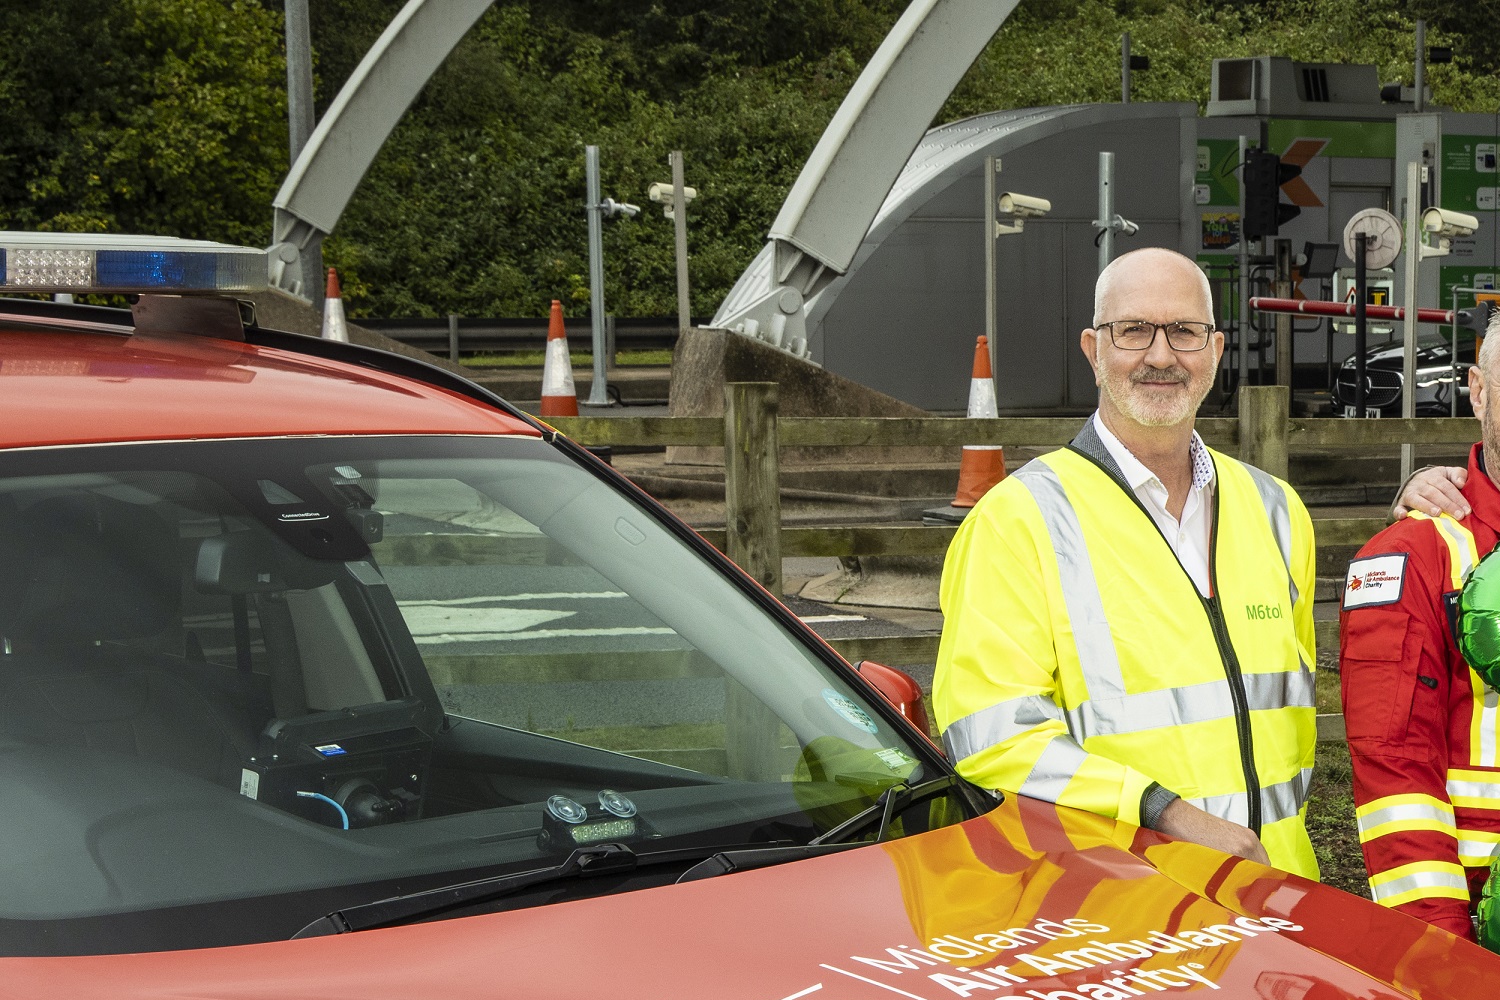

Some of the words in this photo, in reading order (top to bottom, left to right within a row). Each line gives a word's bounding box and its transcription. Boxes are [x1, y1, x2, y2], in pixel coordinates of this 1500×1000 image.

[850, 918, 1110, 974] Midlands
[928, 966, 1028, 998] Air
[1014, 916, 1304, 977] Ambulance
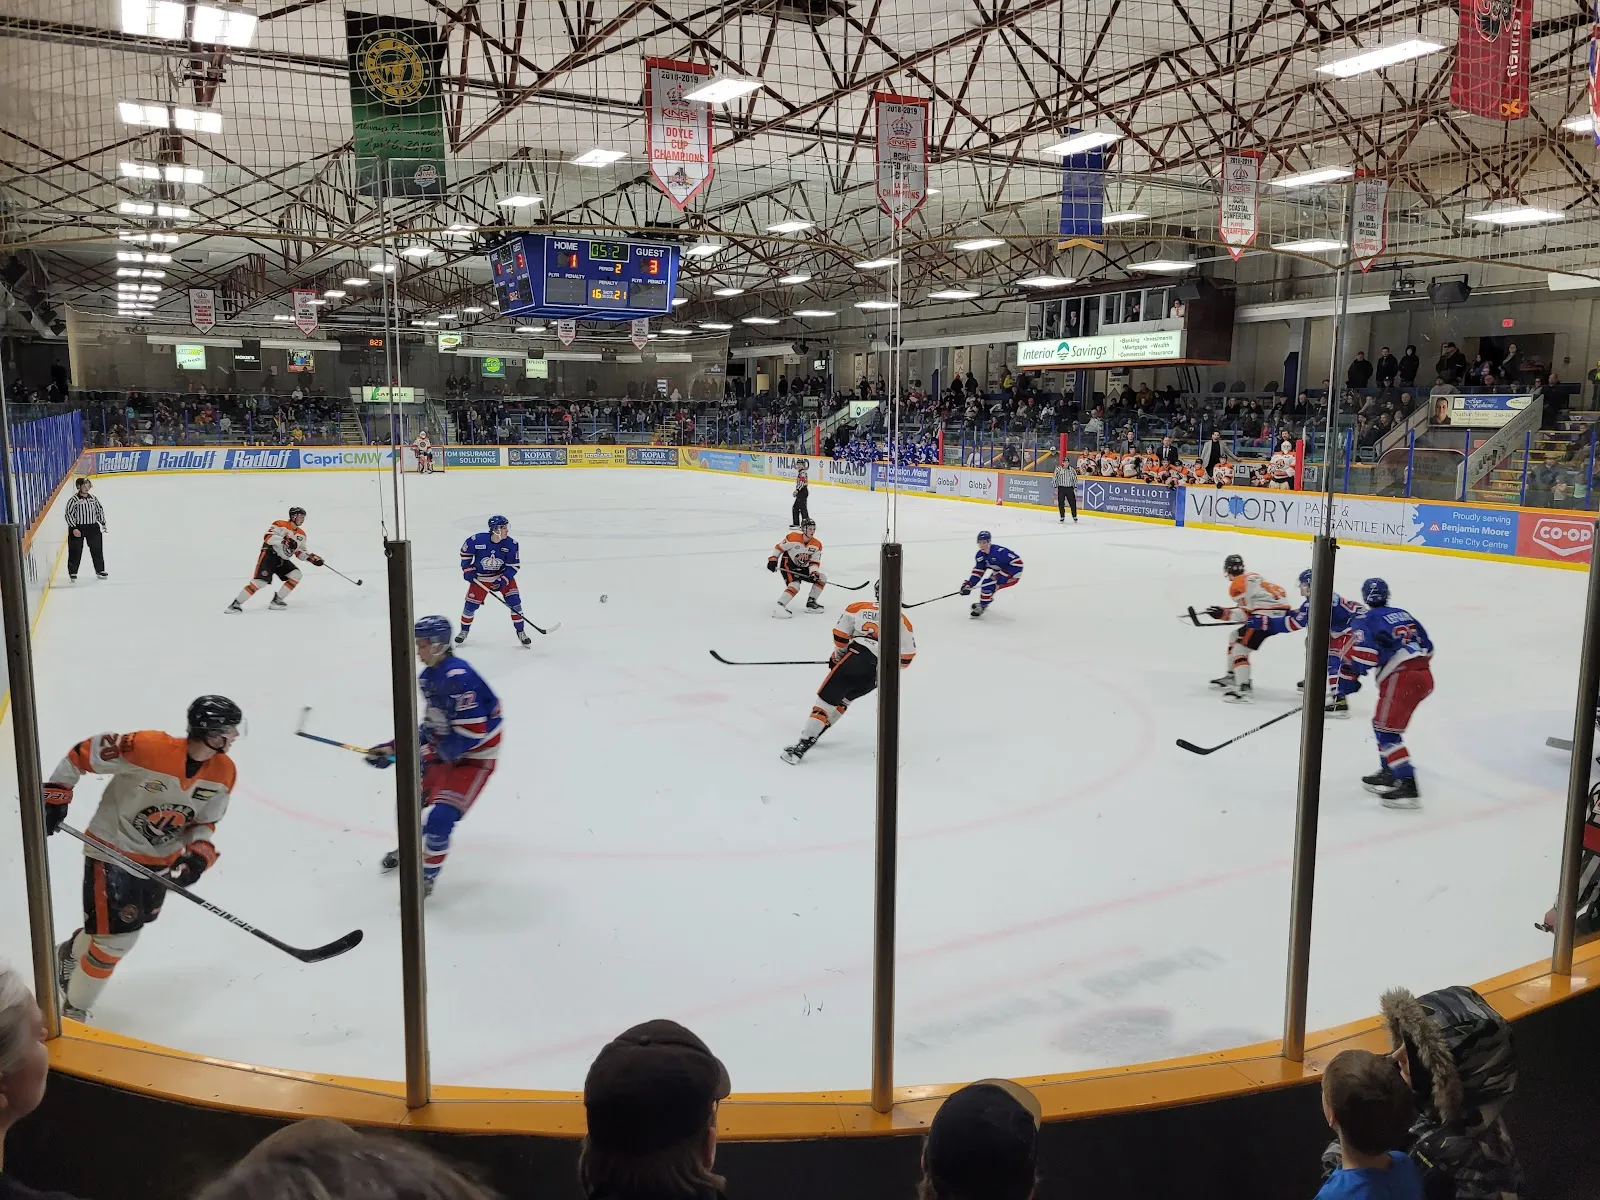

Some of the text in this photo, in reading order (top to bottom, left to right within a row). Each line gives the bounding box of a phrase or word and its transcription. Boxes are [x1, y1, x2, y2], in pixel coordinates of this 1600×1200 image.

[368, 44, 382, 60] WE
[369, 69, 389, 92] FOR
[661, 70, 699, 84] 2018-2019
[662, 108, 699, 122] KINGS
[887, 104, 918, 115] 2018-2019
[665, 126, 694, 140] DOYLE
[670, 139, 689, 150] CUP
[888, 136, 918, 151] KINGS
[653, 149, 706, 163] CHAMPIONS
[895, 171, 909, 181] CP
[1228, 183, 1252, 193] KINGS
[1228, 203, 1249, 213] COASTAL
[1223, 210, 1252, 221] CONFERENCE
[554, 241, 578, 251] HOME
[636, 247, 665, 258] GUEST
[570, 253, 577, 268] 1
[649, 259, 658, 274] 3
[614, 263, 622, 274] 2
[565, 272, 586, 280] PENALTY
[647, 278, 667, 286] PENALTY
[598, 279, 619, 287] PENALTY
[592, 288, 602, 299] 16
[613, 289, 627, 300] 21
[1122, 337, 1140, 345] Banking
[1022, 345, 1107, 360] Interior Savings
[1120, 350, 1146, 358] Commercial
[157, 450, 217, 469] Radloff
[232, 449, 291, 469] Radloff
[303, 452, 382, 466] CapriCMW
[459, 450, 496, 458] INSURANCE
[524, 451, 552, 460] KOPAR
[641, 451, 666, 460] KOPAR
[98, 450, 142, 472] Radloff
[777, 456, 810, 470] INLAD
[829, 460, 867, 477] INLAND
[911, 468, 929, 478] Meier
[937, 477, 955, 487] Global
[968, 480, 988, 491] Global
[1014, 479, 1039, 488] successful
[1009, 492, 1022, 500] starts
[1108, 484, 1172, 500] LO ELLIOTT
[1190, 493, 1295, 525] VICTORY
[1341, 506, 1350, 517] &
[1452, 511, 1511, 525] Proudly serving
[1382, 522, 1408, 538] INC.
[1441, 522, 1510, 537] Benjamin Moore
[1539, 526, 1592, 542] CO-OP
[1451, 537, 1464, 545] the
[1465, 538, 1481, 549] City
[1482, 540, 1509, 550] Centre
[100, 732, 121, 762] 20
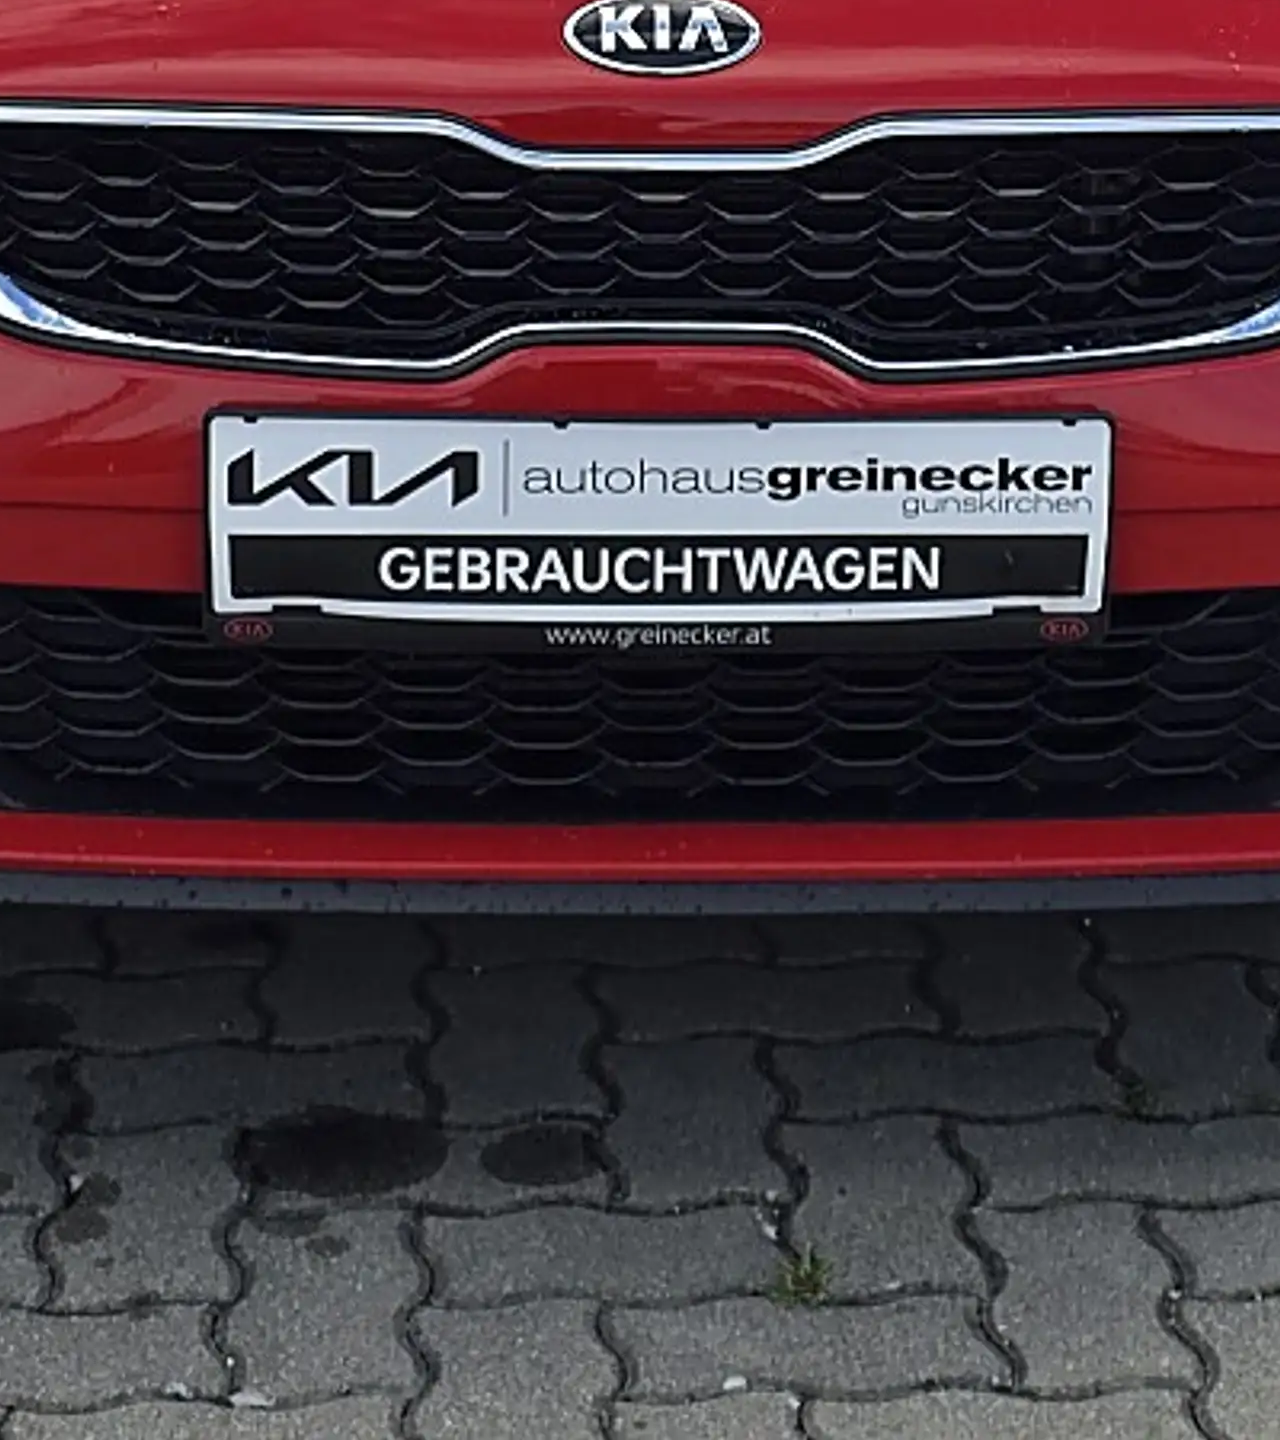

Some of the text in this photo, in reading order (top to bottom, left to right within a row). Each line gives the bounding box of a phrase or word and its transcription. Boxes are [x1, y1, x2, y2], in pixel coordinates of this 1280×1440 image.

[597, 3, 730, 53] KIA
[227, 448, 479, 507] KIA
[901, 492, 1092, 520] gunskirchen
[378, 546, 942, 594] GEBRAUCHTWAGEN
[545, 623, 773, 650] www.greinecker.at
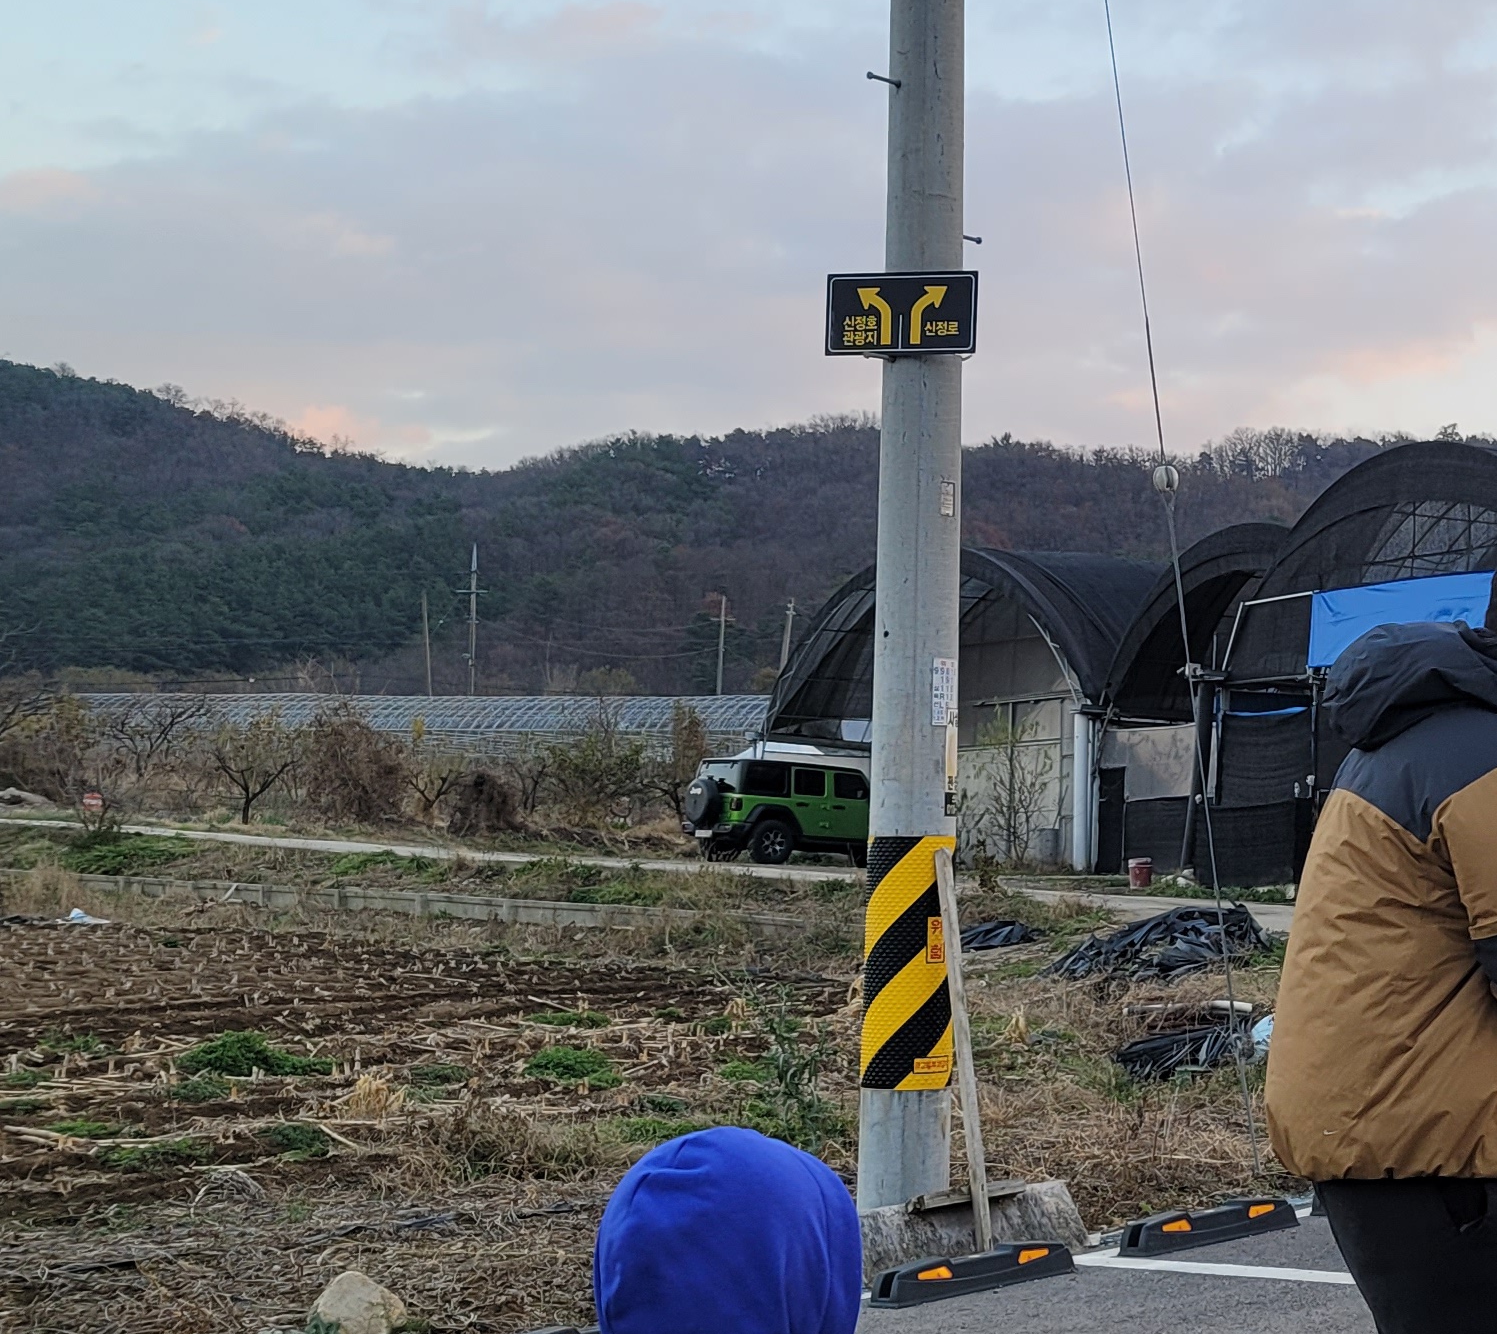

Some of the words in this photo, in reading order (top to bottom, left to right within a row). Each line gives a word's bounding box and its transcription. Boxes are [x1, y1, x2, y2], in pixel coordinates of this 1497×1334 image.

Exercise goal
Take the listing above and retype it exactly. Its pictures are to be omitted.

Answer to the problem
Some of the words in this photo, in reading order (top to bottom, left to right within a row). Each line gives a word's bounding box and its transcription. Boxes are [x1, y1, x2, y2], in pixel coordinates of this 1500×1000 image.

[850, 918, 1110, 974] Midlands
[928, 966, 1028, 998] Air
[1014, 916, 1304, 977] Ambulance

Some of the text in this photo, in reading order (top to bottom, left to right within a row). Each line gives the bounding box of a phrase or word and its transcription. Boxes are [x1, y1, x2, y2], in pixel coordinates of this 1600×1200 image.

[368, 44, 382, 60] WE
[369, 69, 389, 92] FOR
[661, 70, 699, 84] 2018-2019
[662, 108, 699, 122] KINGS
[887, 104, 918, 115] 2018-2019
[665, 126, 694, 140] DOYLE
[670, 139, 689, 150] CUP
[888, 136, 918, 151] KINGS
[653, 149, 706, 163] CHAMPIONS
[895, 171, 909, 181] CP
[1228, 183, 1252, 193] KINGS
[1228, 203, 1249, 213] COASTAL
[1223, 210, 1252, 221] CONFERENCE
[554, 241, 578, 251] HOME
[636, 247, 665, 258] GUEST
[570, 253, 577, 268] 1
[649, 259, 658, 274] 3
[614, 263, 622, 274] 2
[565, 272, 586, 280] PENALTY
[647, 278, 667, 286] PENALTY
[598, 279, 619, 287] PENALTY
[592, 288, 602, 299] 16
[613, 289, 627, 300] 21
[1122, 337, 1140, 345] Banking
[1022, 345, 1107, 360] Interior Savings
[1120, 350, 1146, 358] Commercial
[157, 450, 217, 469] Radloff
[232, 449, 291, 469] Radloff
[303, 452, 382, 466] CapriCMW
[459, 450, 496, 458] INSURANCE
[524, 451, 552, 460] KOPAR
[641, 451, 666, 460] KOPAR
[98, 450, 142, 472] Radloff
[777, 456, 810, 470] INLAD
[829, 460, 867, 477] INLAND
[911, 468, 929, 478] Meier
[937, 477, 955, 487] Global
[968, 480, 988, 491] Global
[1014, 479, 1039, 488] successful
[1009, 492, 1022, 500] starts
[1108, 484, 1172, 500] LO ELLIOTT
[1190, 493, 1295, 525] VICTORY
[1341, 506, 1350, 517] &
[1452, 511, 1511, 525] Proudly serving
[1382, 522, 1408, 538] INC.
[1441, 522, 1510, 537] Benjamin Moore
[1539, 526, 1592, 542] CO-OP
[1451, 537, 1464, 545] the
[1465, 538, 1481, 549] City
[1482, 540, 1509, 550] Centre
[100, 732, 121, 762] 20

Some of the text in this photo, in reading order (top to bottom, left to right within a row). Each line gives the bounding box of a phrase or word and its transcription. Boxes are [x1, y1, x2, y2], in pixel coordinates of this 1280×1440 image.

[597, 3, 730, 53] KIA
[227, 448, 479, 507] KIA
[901, 492, 1092, 520] gunskirchen
[378, 546, 942, 594] GEBRAUCHTWAGEN
[545, 623, 773, 650] www.greinecker.at

Some of the words in this photo, in reading order (top to bottom, left to right within a row). Each line gives a word's bounding box and its transcription. Boxes are [x1, y1, x2, y2], in pixel coordinates of this 1497×1334 image.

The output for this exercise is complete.